Sienna does not get a good look; she pretends to be unconscious. Her hands, empty and bound, hang listlessly in full view of the newcomer.

  She can almost hear Round Head’s simple thoughts.

  Both guards dead. They look shot. Uh oh.

  Prisoner unconscious, maybe dead. Can’t tell yet. She is still tied up, well and truly tied. And unarmed. Okay.

  What could have happened? Will I be blamed? Maybe they shot each other arguing over loot. Why would Ghazan shoot that Chechen man in the ass? What a disgusting way to kill someone. I should have stayed. They were trying to cheat me! But, hold on a second, then I’d probably be shot, too. And I’m not. So in that case… in that case, all the loot can be mine. Good for me.

  Sienna has new confidence. Once with a tooth was a fluke. A second time with her ring is a trend. Three times will get her free!

  Got to find something. I should wear more jewelry, like Snakelips. That was my one and only ring. Slow as this guy is, I don’t think I can con him into unlocking my chains.

  A spent cartridge ejected by the wildly firing AK sits just out of reach. Sienna tries to attract it using the loading motion. The same one she used to pull Sidewinder’s knife away from Anis’s neck.

  The brass shell does not move.

  That would have been too convenient. Maybe this ghost remnant ability of the destroyed RAPTEK can only repel things. Whatever. It only has to work one more time.

  Just please look away, you dumb little…

  Round Head bends down over the Chechen’s exploded, hairy butt crack to check the body for valuables before getting help. Hard times in North Khorasan. Soundlessly, Sienna’s foot flicks out and kicks the empty shell into the air. Her left hand catches and palms warm brass with hardly a sound. Round Head looks in her direction.

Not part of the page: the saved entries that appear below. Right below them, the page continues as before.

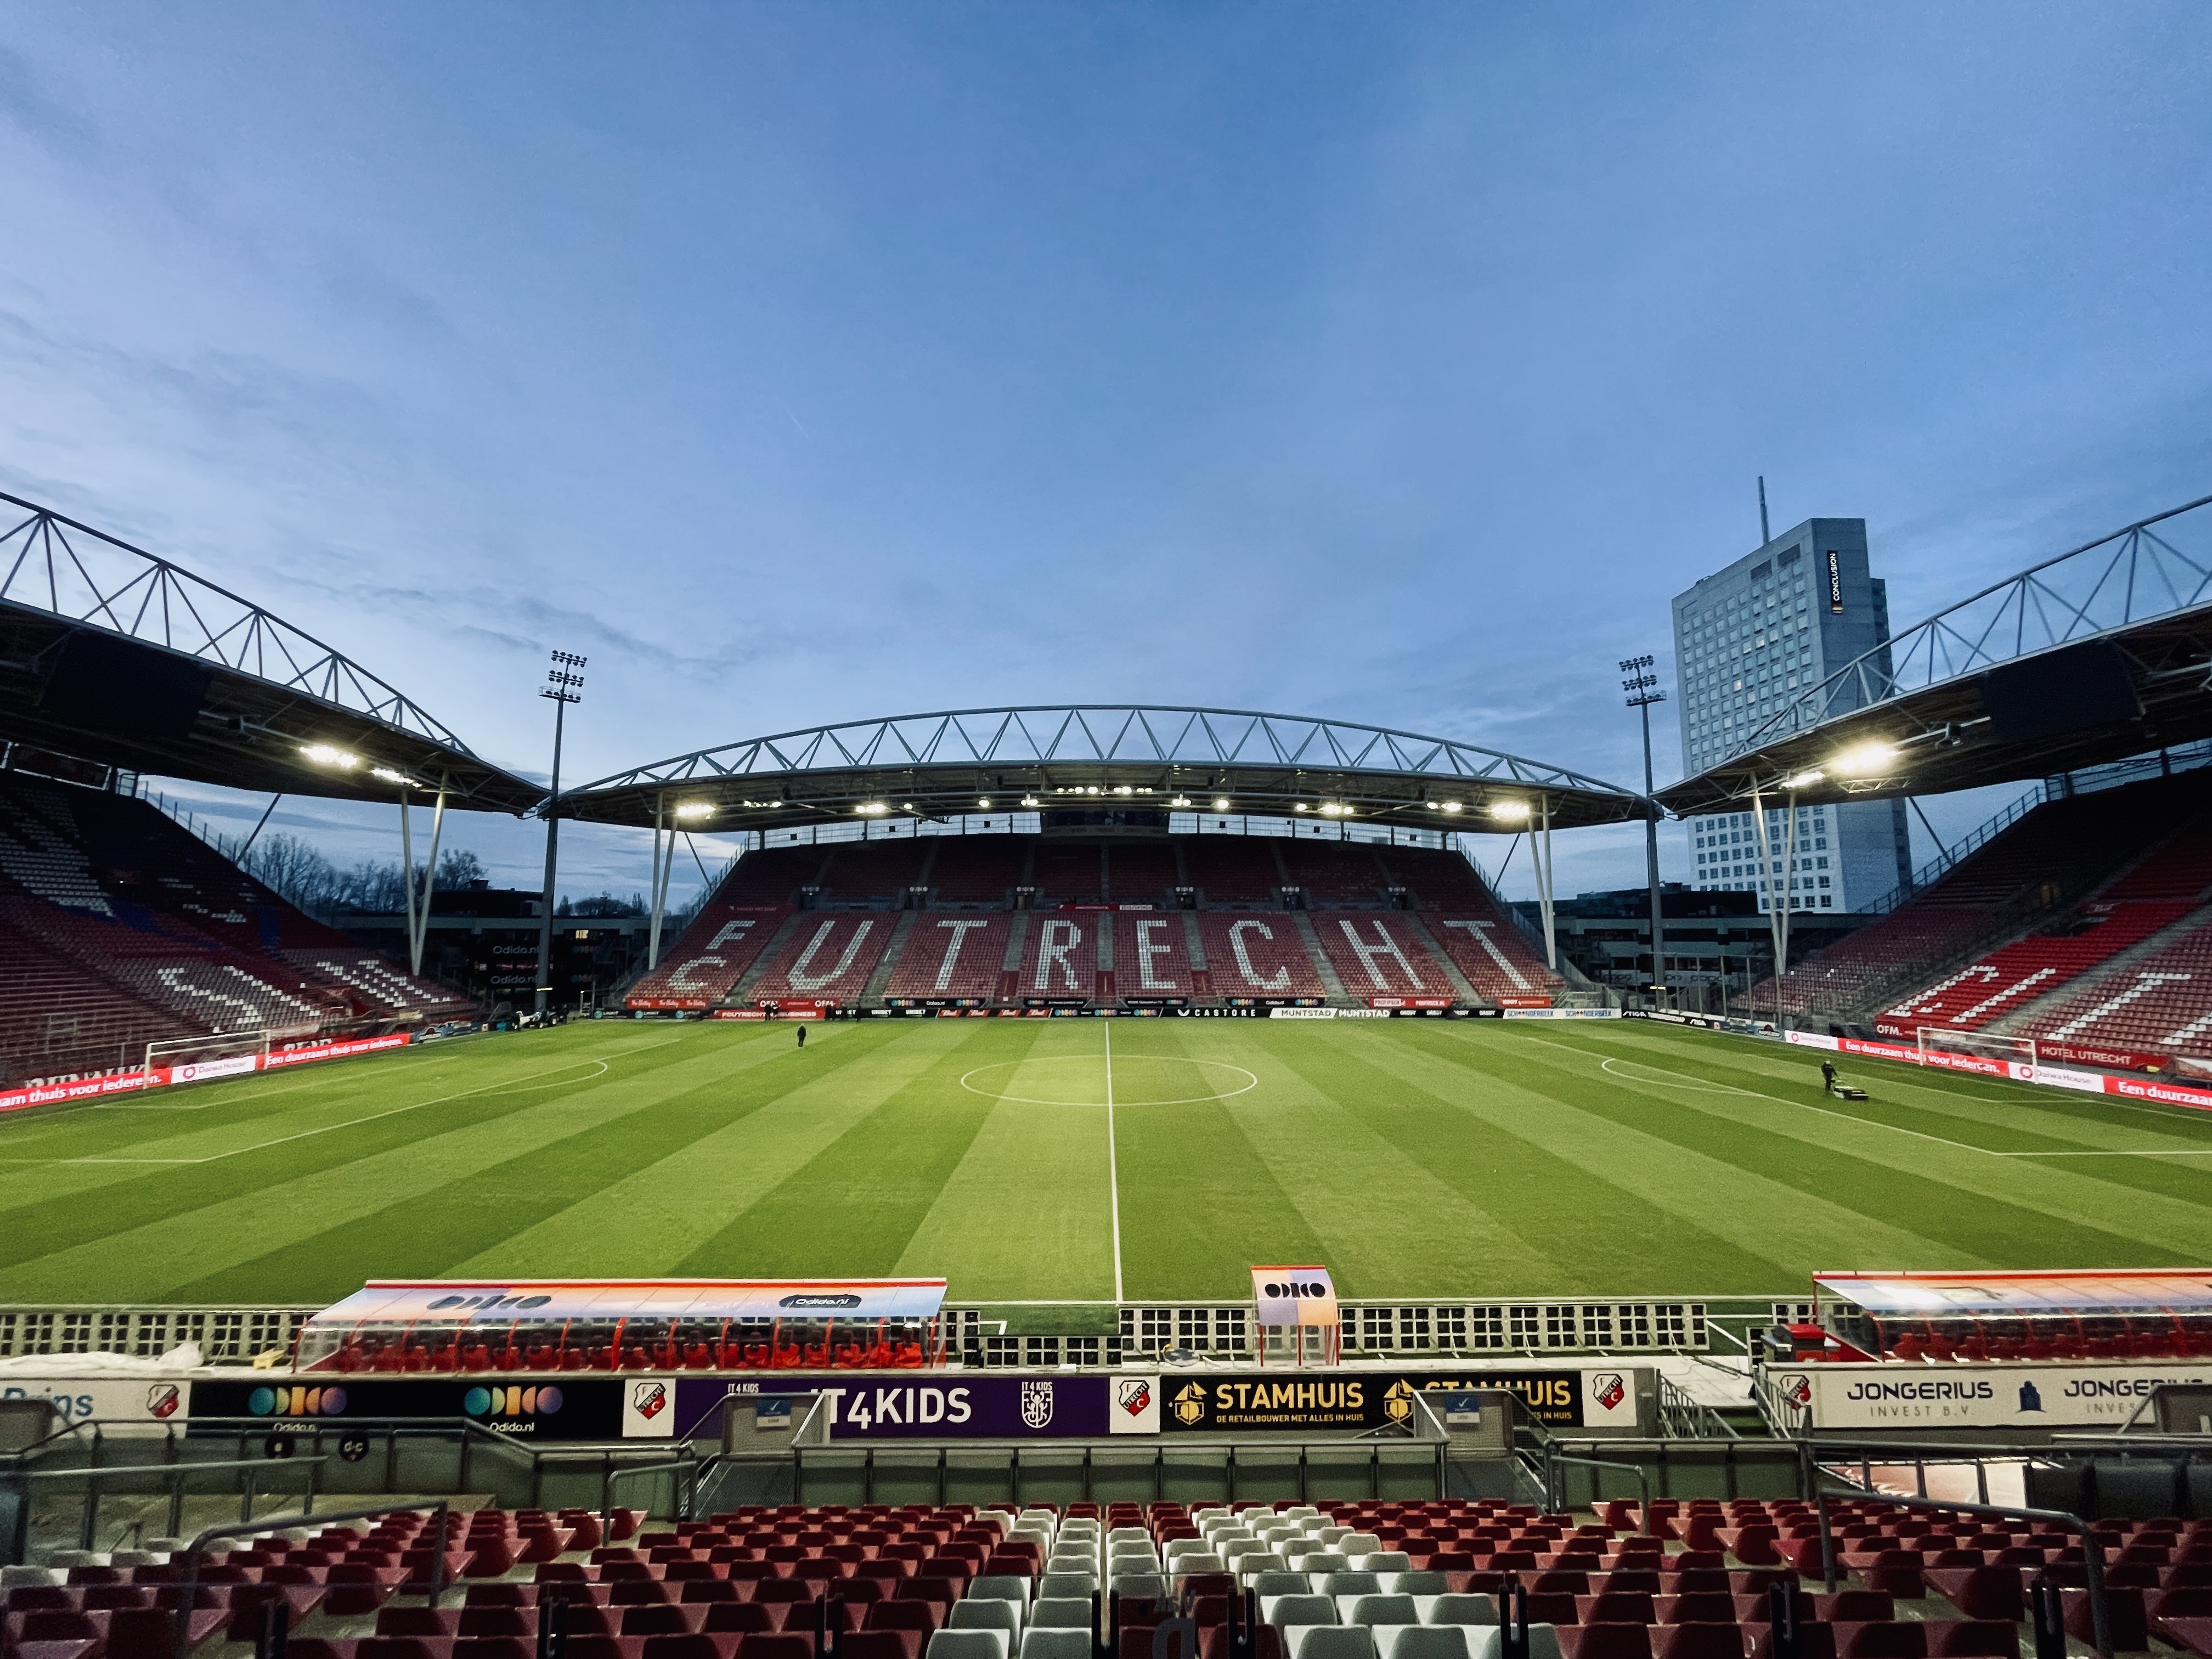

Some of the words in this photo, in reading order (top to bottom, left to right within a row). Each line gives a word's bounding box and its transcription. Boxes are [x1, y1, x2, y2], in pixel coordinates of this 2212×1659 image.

[1830, 553, 1840, 601] CONCLUSION
[706, 920, 756, 950] F
[787, 919, 1533, 991] UTRECHT
[667, 956, 727, 991] C
[1876, 1024, 1903, 1036] OFM.
[266, 1055, 284, 1065] Een
[285, 1049, 329, 1063] duurzaam
[329, 1045, 351, 1056] thuis
[351, 1043, 370, 1052] voor
[1846, 1041, 1861, 1051] Een
[1861, 1043, 1904, 1058] duurzaam
[1904, 1049, 1927, 1062] thus
[1928, 1055, 1950, 1065] voor
[2041, 1047, 2076, 1059] HOTEL
[2077, 1050, 2131, 1065] UTRECHT
[2036, 1069, 2062, 1080] Daiwa
[2063, 1074, 2091, 1085] House
[29, 1087, 66, 1103] thuis
[69, 1084, 101, 1096] voor
[102, 1075, 162, 1092] iederen.
[2118, 1081, 2145, 1096] Een
[2147, 1086, 2212, 1107] duurzaa
[727, 1383, 735, 1393] IT
[736, 1383, 741, 1393] 4
[742, 1383, 759, 1393] KIDS
[1022, 1381, 1029, 1391] IT
[1030, 1381, 1035, 1391] 4
[1036, 1381, 1053, 1391] KIDS
[1126, 1384, 1131, 1392] F
[1600, 1378, 1605, 1386] F
[1786, 1378, 1791, 1387] F
[2064, 1379, 2203, 1397] JONGE
[1123, 1383, 1148, 1409] UTRECHT
[1216, 1382, 1364, 1409] STAMHUIS
[1611, 1391, 1618, 1402] C
[1847, 1382, 1993, 1400] JONGERIUS
[651, 1401, 659, 1411] C
[811, 1388, 972, 1430] T4KIDS
[1136, 1398, 1144, 1408] C
[1870, 1406, 1931, 1417] INVEST
[1943, 1406, 1975, 1417] B.V.
[1228, 1414, 1290, 1423] RETAILBOUWER
[1345, 1413, 1364, 1421] HUIS
[1553, 1412, 1572, 1420] HUIS
[489, 1421, 535, 1432] Odido.nl

  He reaches for… not his pistol. His walkie. He’s going to call for help.

  Can’t let that happen.

  The slow-thinking man clicks on the grimy transceiver button to activate the microphone. He clears his throat. Someone answers. The reception is crappy: “What—shhrk—is it? Who is this?”

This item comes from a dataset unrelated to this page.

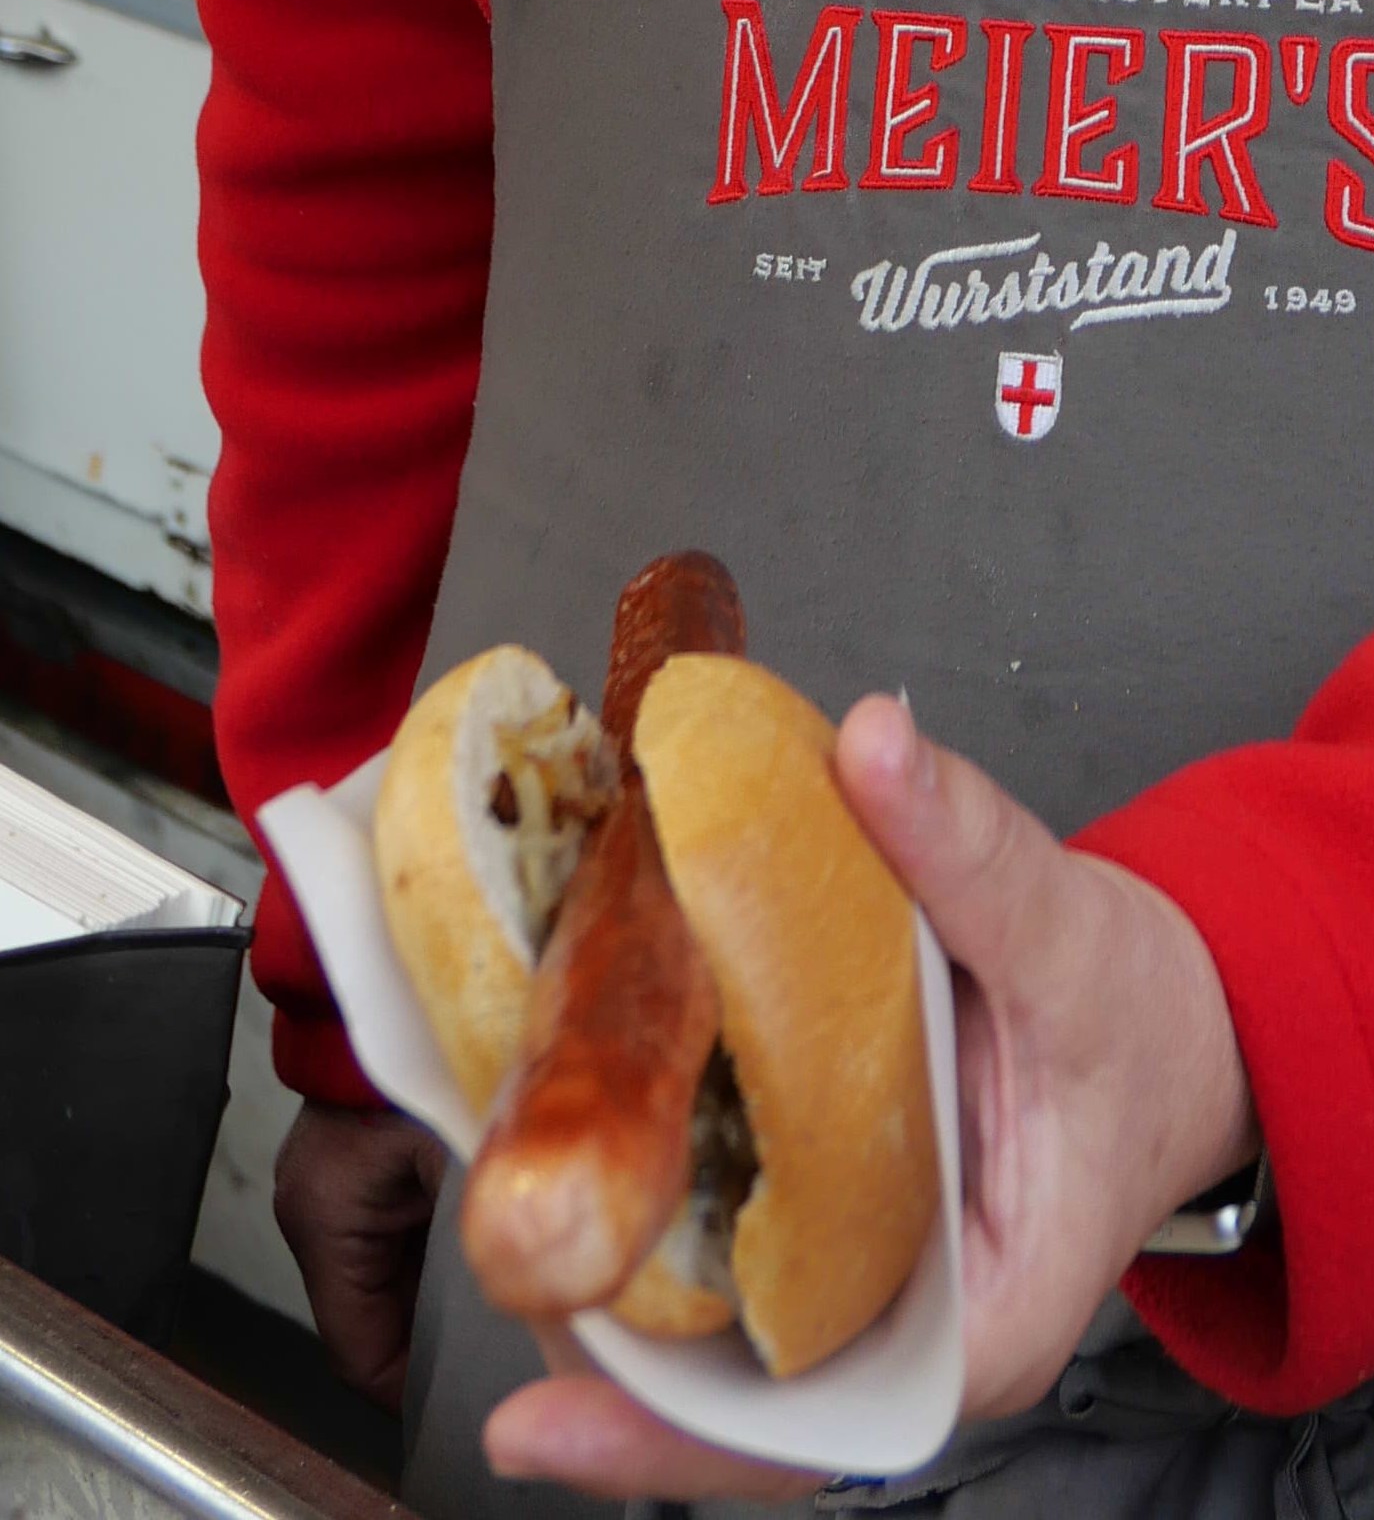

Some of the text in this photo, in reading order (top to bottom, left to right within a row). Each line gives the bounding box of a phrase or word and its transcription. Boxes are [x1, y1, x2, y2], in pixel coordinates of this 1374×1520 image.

[751, 228, 1357, 334] SEIT Wurststand 1949

  The guard can only reply with a gurgling sound, his neck having been punctured by a hyper-accelerated brass shell casing.

  “Stop playing around,” the radio squawks. “If I find out who this is, you will be in for plenty of hurt! No signals. You know the rule!”

  Sienna watches Round Head sink to the floor and bleed out. His uncomprehending eyes are open. They lock on hers as he dies.

  Around his belt is a ring of keys. One of them must fit the locks on her wrists. Way out of reach. She considers shooting the shackles. Too much risk of blowing her hand off. She has no idea how finely she can aim or control this, whatever it is, or how many “shots” she has until the RAPTEK realizes it’s scattered over the desert in a thousand pieces. Well, not all of it.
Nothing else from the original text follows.